Celtic influence in English

iffr762 at utxvms.cc.utexas.edu iffr762 at utxvms.cc.utexas.edu
Fri Feb 5 03:33:15 UTC 1999

On Tue, 2 Feb 1999 JoatSimeon at aol.com wrote:

>iffr762 at utxvms.cc.utexas.edu

>>Yes.  Isn't it past time we retired the quaint notion that thereis no Celtic
>>influence in English?

>-- "very little", rather than "no".

>>If we know where to look (grammar rather than lexicon or phonology), Celtic
>>influence is pervasive in English.

>-- undemonstrated.  And how did Celtic manage to influence the grammar
>profoundly without adding loan-words?  Lexical influence is easier and more
>common in cases of prolonged language contact than changing grammatical forms.
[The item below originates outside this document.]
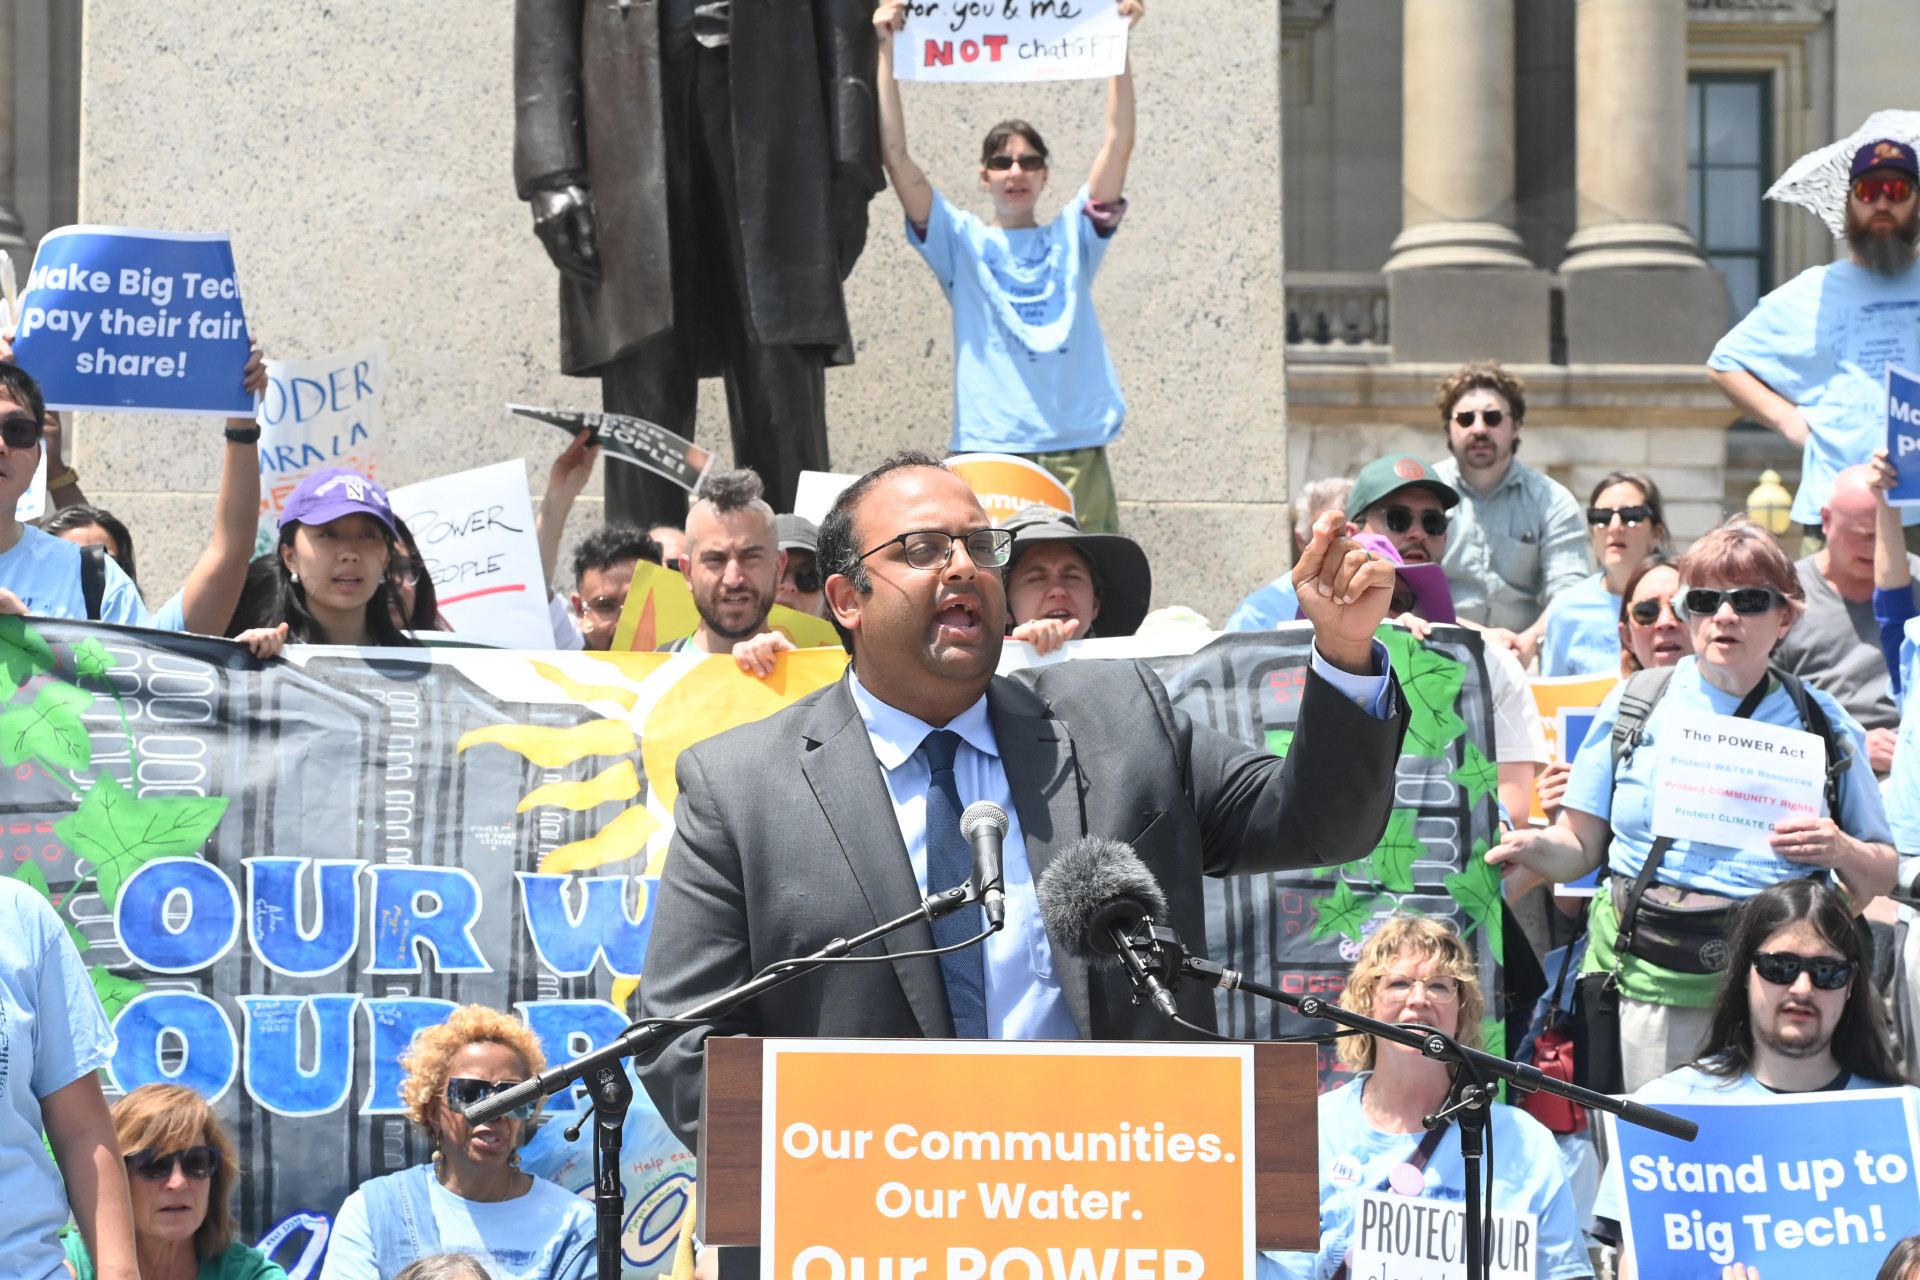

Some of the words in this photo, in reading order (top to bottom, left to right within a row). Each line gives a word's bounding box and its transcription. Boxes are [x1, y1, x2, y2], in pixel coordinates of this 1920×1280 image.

	The processes of grammatical and lexical influences occur by
different mechanisms and do not necessarily co-occur.  The well-known case
that Emenou discovered(?) in India is a good example:  very high
grammatical influence, very low lexical influence.  Borrowing of words is
volitional, dependent on probable reception and other considerations,
whereas foreign accents are not, being created by very real limitations in
language-acquisistion ability after a point.  Thus it is entirely
conceivable that Britons could have an "accent" in (Old) English,
and yet choose not to carry over any great number of British words,
essentially because of the status differential.